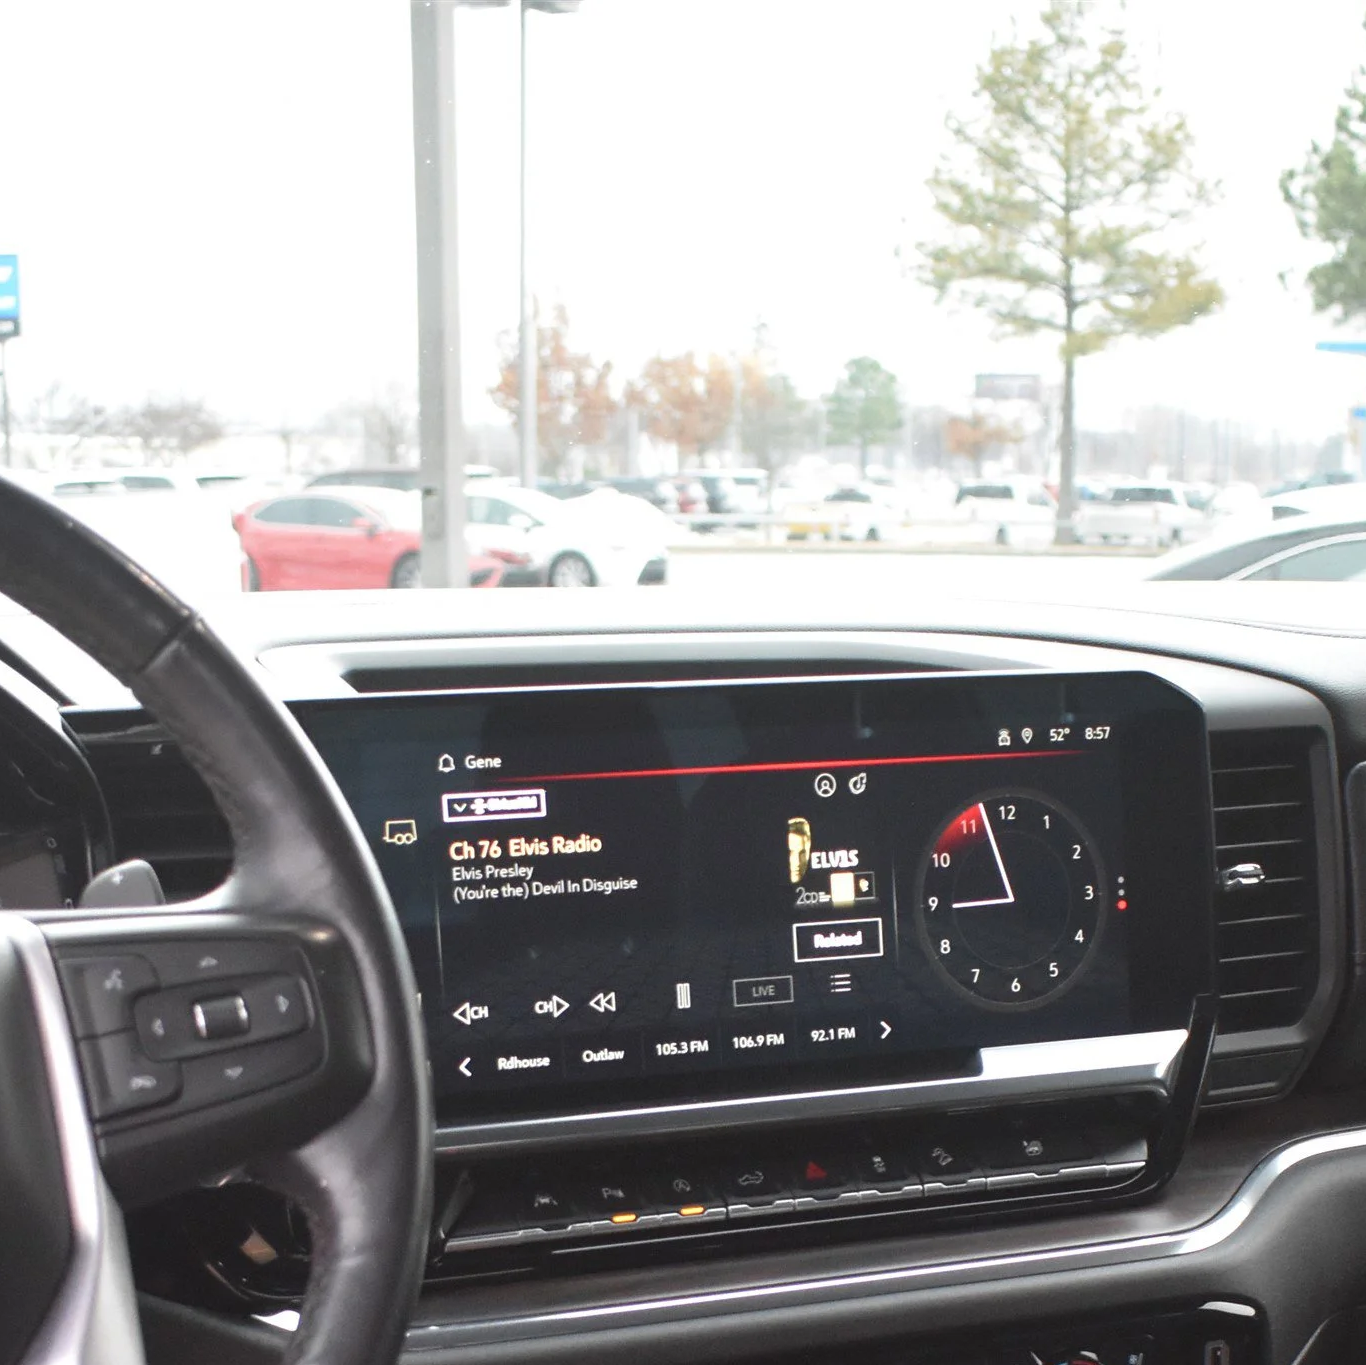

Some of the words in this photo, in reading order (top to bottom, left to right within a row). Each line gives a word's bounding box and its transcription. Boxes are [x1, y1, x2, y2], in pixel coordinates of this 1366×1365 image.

[1049, 728, 1071, 741] 52°
[1085, 727, 1111, 740] 8:57
[464, 754, 502, 769] Gene
[998, 805, 1016, 820] 12
[960, 819, 977, 834] 11
[1043, 815, 1050, 829] 1
[449, 840, 475, 861] Ch
[478, 839, 502, 859] 76
[509, 836, 549, 857] Elvis
[552, 833, 602, 854] Radio
[1072, 845, 1081, 859] 2
[932, 853, 951, 867] 10
[452, 866, 483, 881] Elvis
[485, 863, 534, 884] Presley
[453, 885, 499, 904] (You're
[501, 882, 530, 900] the)
[532, 880, 565, 896] Devil
[567, 880, 580, 894] In
[582, 876, 638, 894] Disguise
[1084, 886, 1094, 900] 3
[928, 897, 939, 911] 9
[813, 930, 863, 949] Related
[1074, 929, 1084, 943] 4
[940, 940, 951, 954] 8
[971, 969, 981, 983] 7
[1049, 963, 1059, 977] 5
[752, 984, 776, 998] LIVE
[1011, 979, 1021, 992] 6
[471, 1004, 489, 1019] CH
[535, 1000, 553, 1015] CH
[733, 1034, 764, 1049] 106.9
[766, 1033, 785, 1046] FM
[811, 1028, 835, 1042] 92.1
[837, 1027, 856, 1040] FM
[582, 1048, 625, 1063] Outlaw
[656, 1041, 688, 1056] 105.3
[690, 1040, 709, 1054] FM
[498, 1055, 550, 1071] Rdhouse

========

▸ TASK STATEMENT: Without the pictures, restate all of the entries above verbatim.

▸ EXERCISE SOLUTION:
Some of the words in this photo, in reading order (top to bottom, left to right within a row). Each line gives a word's bounding box and its transcription. Boxes are [x1, y1, x2, y2], in pixel coordinates of this 1366×1365 image.

[1049, 728, 1071, 741] 52°
[1085, 727, 1111, 740] 8:57
[464, 754, 502, 769] Gene
[998, 805, 1016, 820] 12
[960, 819, 977, 834] 11
[1043, 815, 1050, 829] 1
[449, 840, 475, 861] Ch
[478, 839, 502, 859] 76
[509, 836, 549, 857] Elvis
[552, 833, 602, 854] Radio
[1072, 845, 1081, 859] 2
[932, 853, 951, 867] 10
[452, 866, 483, 881] Elvis
[485, 863, 534, 884] Presley
[453, 885, 499, 904] (You're
[501, 882, 530, 900] the)
[532, 880, 565, 896] Devil
[567, 880, 580, 894] In
[582, 876, 638, 894] Disguise
[1084, 886, 1094, 900] 3
[928, 897, 939, 911] 9
[813, 930, 863, 949] Related
[1074, 929, 1084, 943] 4
[940, 940, 951, 954] 8
[971, 969, 981, 983] 7
[1049, 963, 1059, 977] 5
[752, 984, 776, 998] LIVE
[1011, 979, 1021, 992] 6
[471, 1004, 489, 1019] CH
[535, 1000, 553, 1015] CH
[733, 1034, 764, 1049] 106.9
[766, 1033, 785, 1046] FM
[811, 1028, 835, 1042] 92.1
[837, 1027, 856, 1040] FM
[582, 1048, 625, 1063] Outlaw
[656, 1041, 688, 1056] 105.3
[690, 1040, 709, 1054] FM
[498, 1055, 550, 1071] Rdhouse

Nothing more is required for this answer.